Il n’est pas surprenant que des hommes de cette valeur placés en contact permanent aient souvent collaboré entre eux et ceci m’amène à dire quelques mots de
la collaboration d’Ampère avec Fresnel. C’est peu avant les grands travaux d’Ampère sur l’électrodynamique que se placent le début des travaux de Fresnel sur
la lumière et cette joute où, luttant presque seul contre les plus hautes autorités
scientifiques de son temps, l’intrépide jeune homme entreprenait de défendre la
conception ondulatoire de la lumière contre les adeptes de la conception corpusculaire alors en faveur. Ampère fut de ceux, peu nombreux, qui sentirent dès l’abord
la profondeur des conceptions de Fresnel et l’aidèrent à triompher peu à peu de
ses adversaires. Il est donc bien naturel qu’ensuite Ampère ait toujours suivi avec
l’enthousiasme le plus ardent l’admirable développement de l’œuvre de Fresnel qui,
après avoir complètement élucidé les phénomènes d’interférences et de diffraction,
interpréta la polarisation de la lumière par l’hypothèse du caractère transversal
des vibrations lumineuses et créa toute l’optique cristalline. De cet intérêt porté
par Ampère aux travaux de Fresnel, il nous est resté comme témoignage un mémoire daté de 1828, année qui suivit la mort prématurée du jeune savant ; dans ce
mémoire, Ampère complétant et précisant certaines parties inachevées de l’optique
cristalline, donnait la théorie rigoureuse des surfaces d’onde dans la propagation
de la lumière à travers les cristaux biaxes.
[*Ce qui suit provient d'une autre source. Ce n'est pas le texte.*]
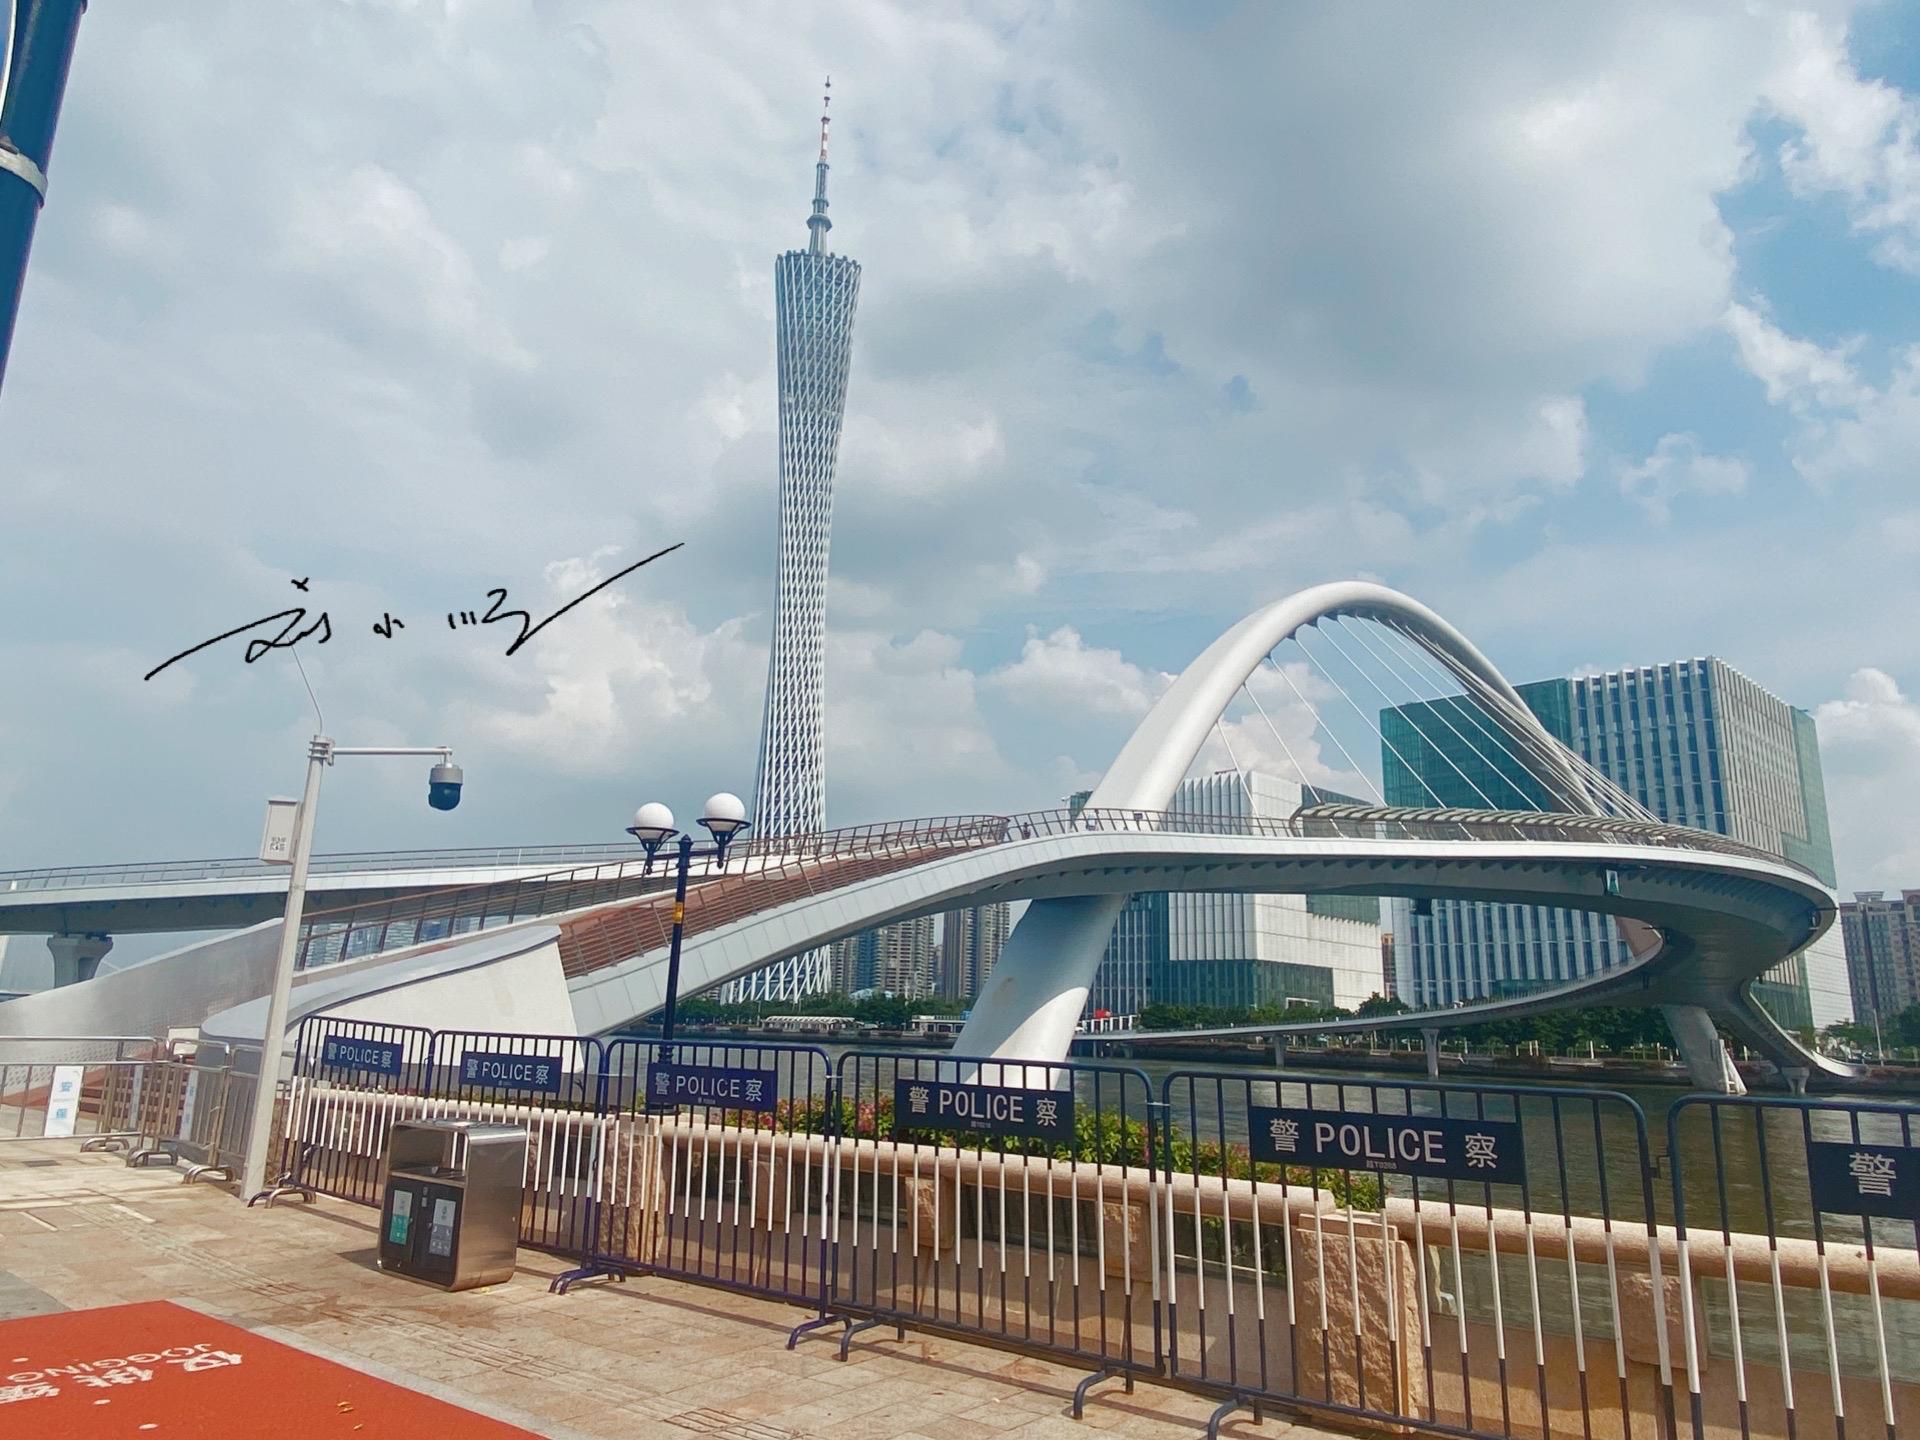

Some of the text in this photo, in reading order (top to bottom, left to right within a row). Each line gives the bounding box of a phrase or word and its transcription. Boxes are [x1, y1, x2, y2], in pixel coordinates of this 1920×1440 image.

Comme on l’a vu, à partir de 1820, Ampère après avoir été tour à tour mathématicien, philosophe et chimiste, s’était surtout consacré à la Physique. En
1826, il obtint, en échange de son poste de professeur d’Analyse à l’Ecole Polytechnique, une chaire de Physique au Collège de France, enseignement qui correspondait mieux à sa nouvelle orientation. Cette nomination eut d’ailleurs pour lui
l’inconvénient de lui faire perdre, au grand dam de sa situation matérielle, son
emploi d’Inspecteur général de l’Université : ce poste lui fut cependant rendu deux
ans plus tard en 1828. Mais une fois de plus nous voyons Ampère qui ne parvient
pas à se maintenir dans la voie où il est maintenant officiellement engagé. A partir de ce moment ses travaux de Physique deviennent plus rares : il revient à la
Philosophie et à la Logique et même, car il faut décidément qu’il ait au moins
effleuré toutes les branches des sciences, il s’intéresse à la Biologie et à l’anatomie
comparée. A cette dernière science, il a consacré deux mémoires anonymes et fort
172
CHAPITRE 13. ANDRÉ-MARIE AMPÈRE
peu connus. Mais sa grande préoccupation va être désormais d’établir une classification générale des sciences et c’est à ce travail, selon nous un peu décevant,
qu’il consacrera surtout ses dernières forces. Malgré la profondeur de pensée qu’il
manifeste là comme ailleurs, ce ne fut pas, semble-t-il, la partie la plus durable de
son œuvre.
Le soir de sa vie fut d’ailleurs assombri par bien des préoccupations et il termina
tristement une existence dont la mélancolie avait toujours été la note dominante.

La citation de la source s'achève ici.